Chapter 38
REPERCUSSIONS BEGIN
Hal and Adrienne Kennedy, his fiancee, had put me up on a fold-out bed in
his study. I awoke therein on Wednesday, 7 June 1972, in a mood that was
a combination of a comfortable feeling coupled with an ice cream hangover.
The sense of comfort involved the certainty that I had only three more days
to spend at SRI -- and which would constitute the END of all this parapsychology
stuff. I could then reclaim my life and get on with my creative visions.
Hal was elated as we drove to Pete’s coffee place,
but I was sardonic. It was clear to me by now that he fully intended to
attempt setting up a project at SRI. But I was gloomy in this regard --
largely because I was thinking through what later turned out to be two misconceptions
or "realities."
"If you try to do this," I warned him,
"you’re sure to end up in Time magazine’s Fraud Box, and the
parapsychologists will hate you anyway. You’ll be dead in the water from
the start."
In talking along these lines, I was thinking in terms of parapsychology’s
closed, ghettoized system characterized by internecine warfare.

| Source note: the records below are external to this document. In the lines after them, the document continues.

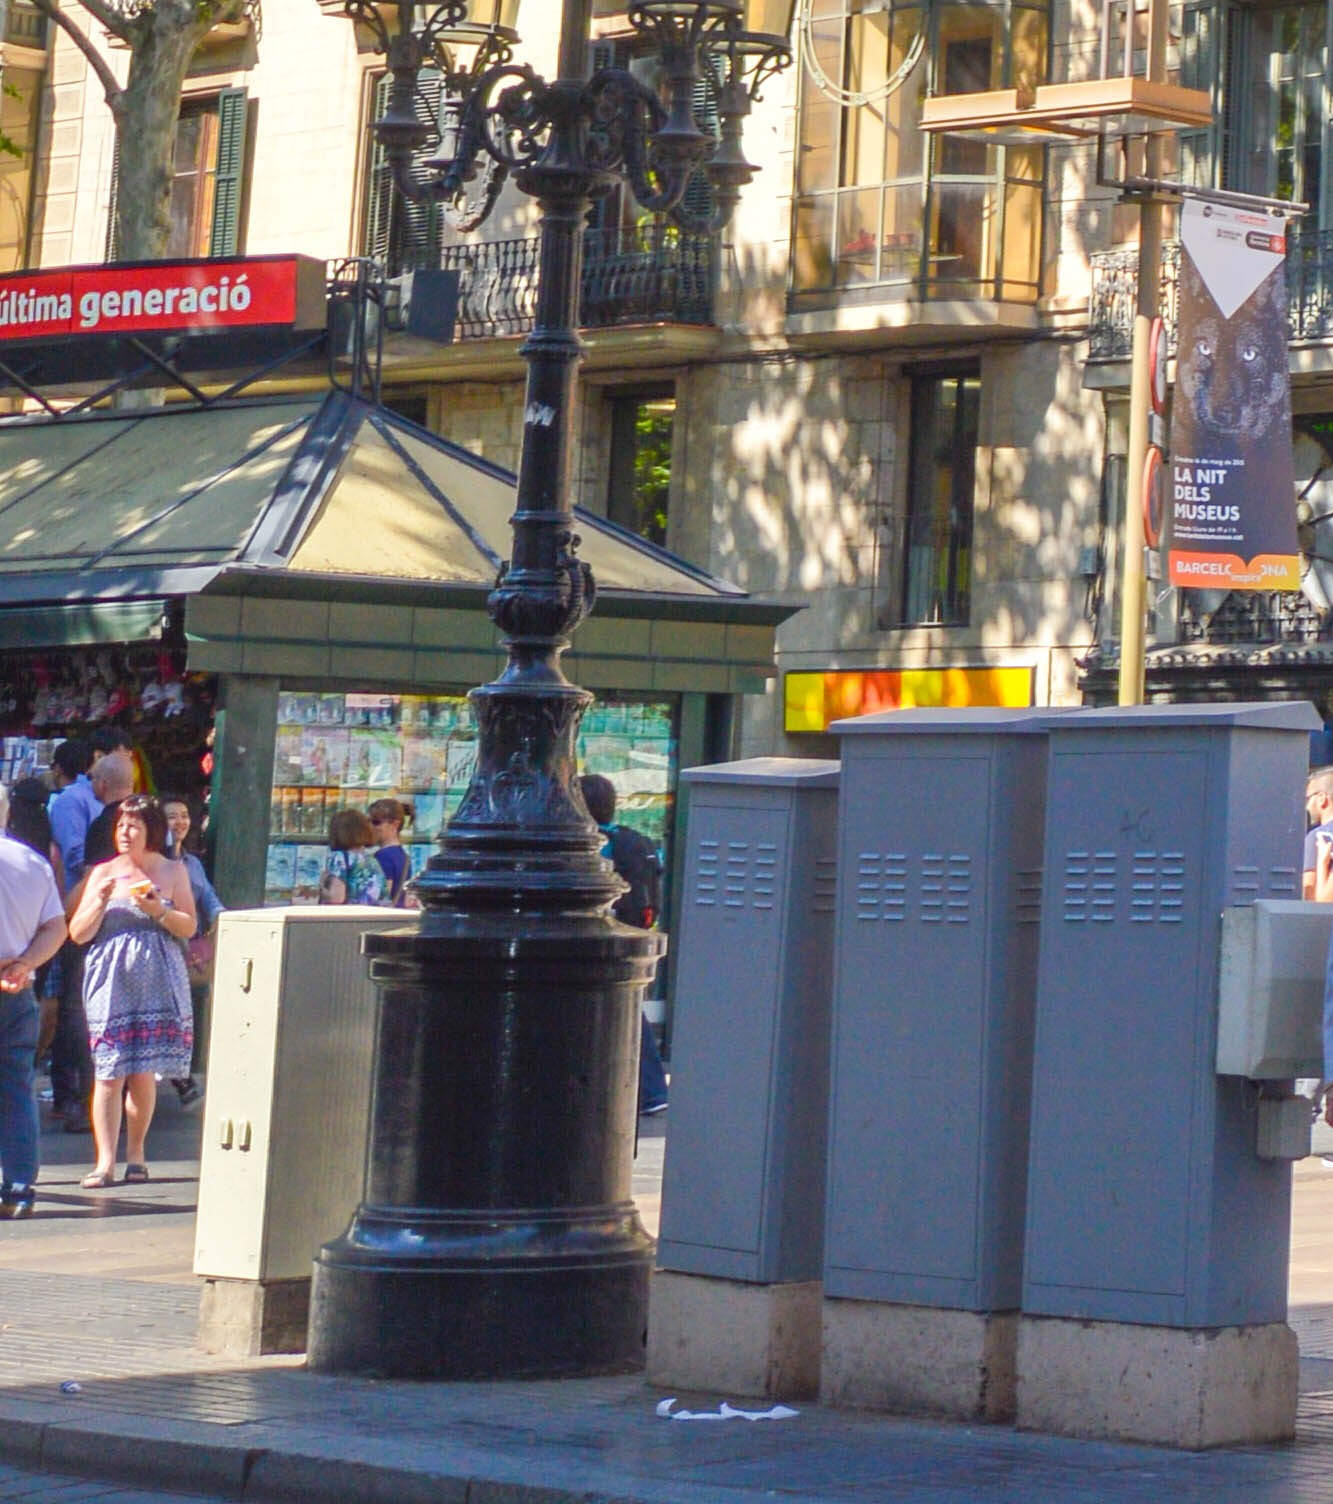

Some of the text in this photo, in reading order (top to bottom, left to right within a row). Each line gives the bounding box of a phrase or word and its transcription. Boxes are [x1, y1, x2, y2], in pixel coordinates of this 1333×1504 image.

[0, 273, 251, 328] última generació
[1174, 467, 1227, 484] LA NIT
[1174, 485, 1211, 502] DELS
[1174, 503, 1240, 521] MUSEUS
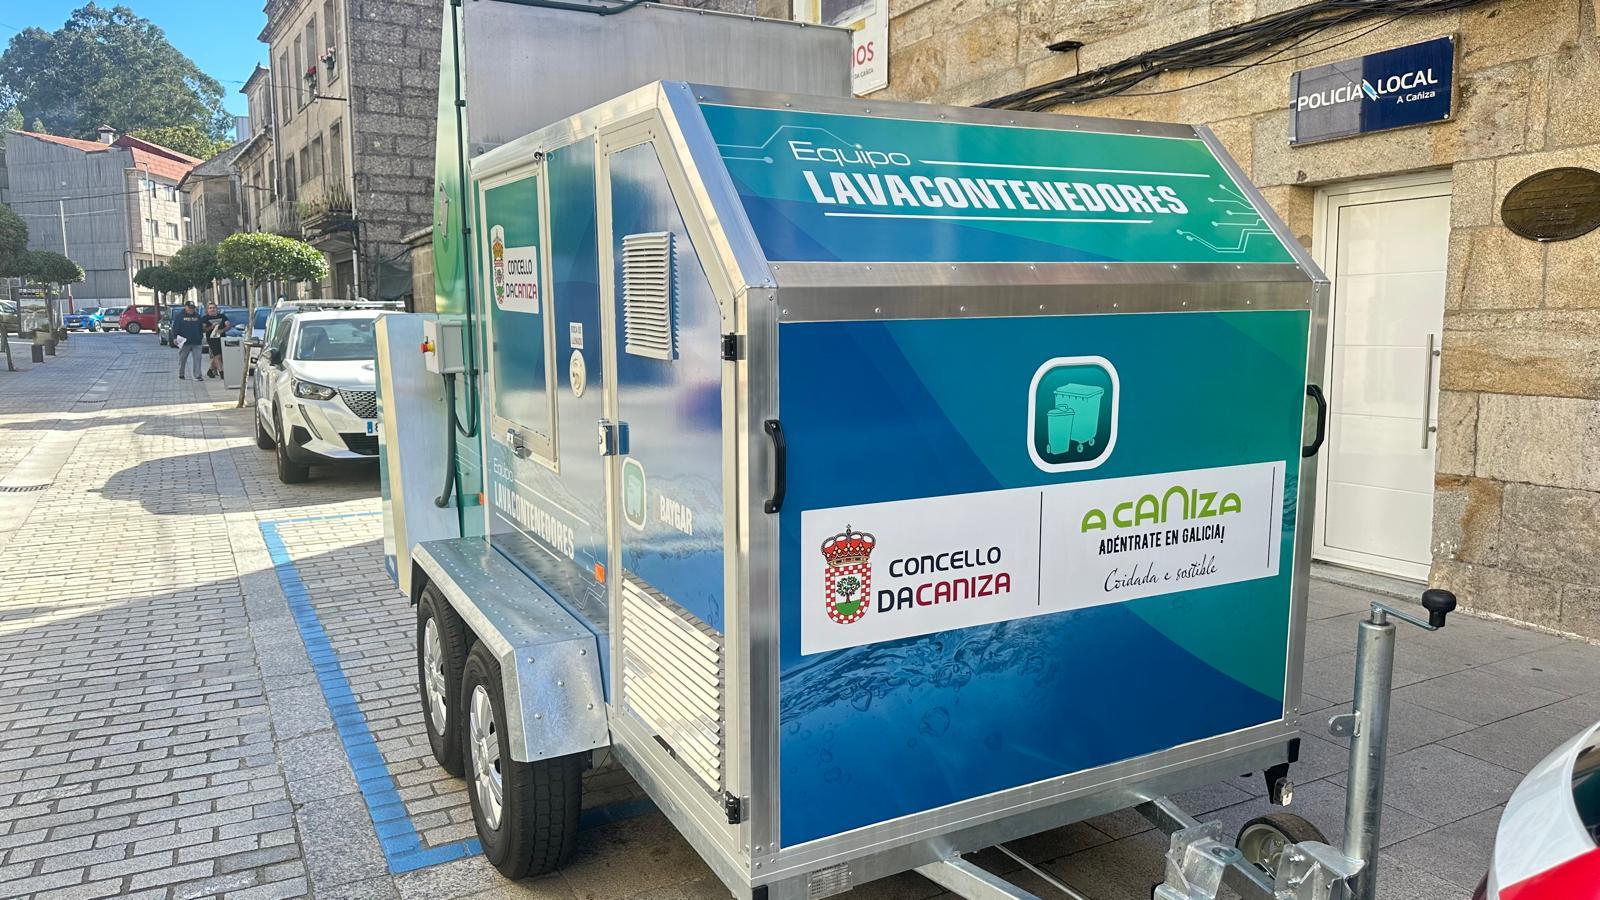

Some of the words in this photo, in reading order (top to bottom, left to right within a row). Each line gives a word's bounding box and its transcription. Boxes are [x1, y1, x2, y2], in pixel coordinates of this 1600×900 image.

[1297, 82, 1364, 112] POLICÍA
[1377, 68, 1438, 95] LOCAL
[1396, 95, 1404, 105] A
[1406, 90, 1436, 102] Cañiza
[788, 140, 911, 167] Equipo
[802, 170, 1188, 215] LAVACONTENEDORES
[508, 259, 532, 275] CONCELLO
[494, 480, 574, 560] LAVACONTENEDORES
[660, 495, 692, 536] BAYGAR
[1081, 508, 1107, 533] A
[1098, 531, 1162, 555] ADÉNTRATE
[1165, 529, 1179, 545] EN
[889, 546, 1001, 577] CONCELLO
[1104, 562, 1159, 592] Coidada
[1164, 572, 1171, 581] e
[1176, 554, 1218, 581] sostible
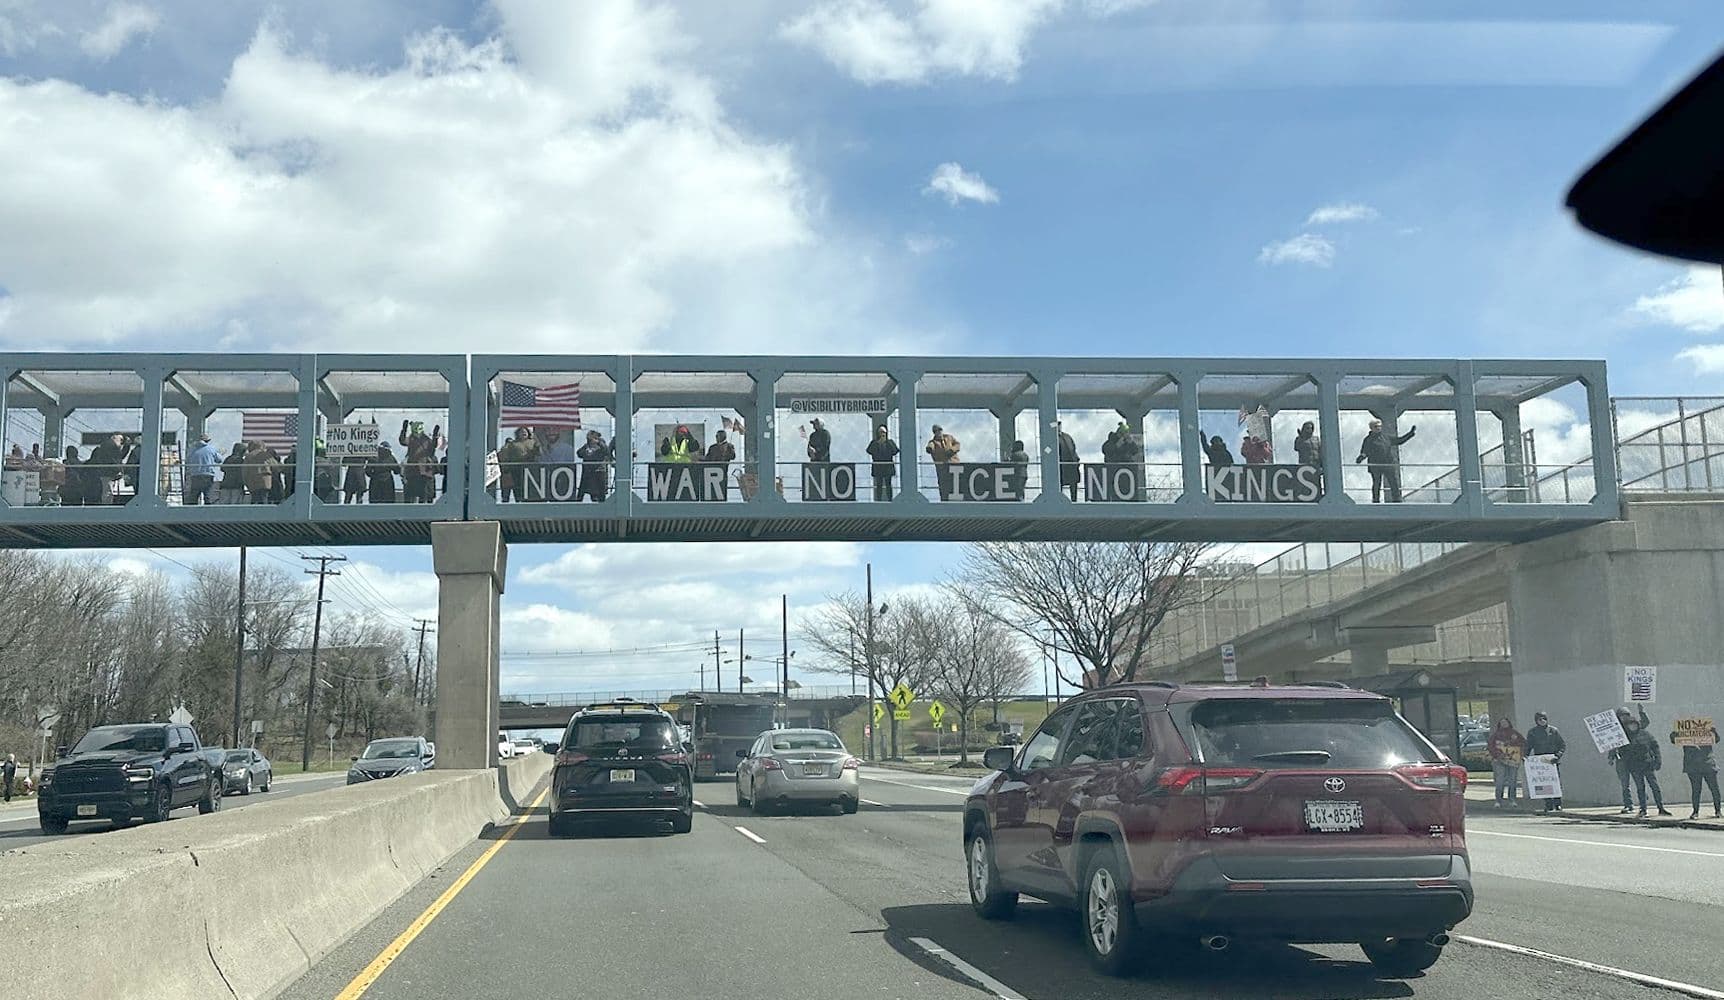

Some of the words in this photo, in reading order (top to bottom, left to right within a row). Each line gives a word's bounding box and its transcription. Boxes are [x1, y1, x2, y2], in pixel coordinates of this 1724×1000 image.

[792, 400, 885, 412] @VISIBILITYBRIGADE
[327, 428, 346, 440] #No
[350, 428, 379, 443] Kings
[326, 443, 345, 452] from
[348, 442, 378, 454] Queens
[524, 467, 574, 500] NO
[650, 467, 725, 500] WAR
[805, 465, 853, 499] NO
[948, 465, 1016, 500] ICE
[1087, 467, 1135, 500] NO
[1207, 465, 1318, 501] KINGS
[1677, 720, 1691, 729] NO

I had no idea that interest could come from far
larger auspices other than those parapsychology represented.
After all, back then all scientific, academic and mainstream systems were
completely resistant to the phenomena Puthoff intended to work with.
I couldn’t imagine a factor emerging that would make any serious change
within that complicated, but rather straightforward scenario.
If, then, all things remained the same, and if
that factor had not emerged, my estimate would have probably been correct.
The factor that emerged was, of course, Dr. Harold
E. Puthoff himself, a person I really didn’t yet know very well with just
two days experience with him.
And in this regard, his appearance and jovial, optimistic attitudes gave
little in the way of clues to the reserves of dynamic strength underneath.
MY only clue at the time was that although Puthoff listened to my gloom-and-doom
scenario, I was somewhat left with the impression that my speaking went
in one of his ears and out the other. Oh, well, I was already familiar with
the fact that people listen only to what they want to hear.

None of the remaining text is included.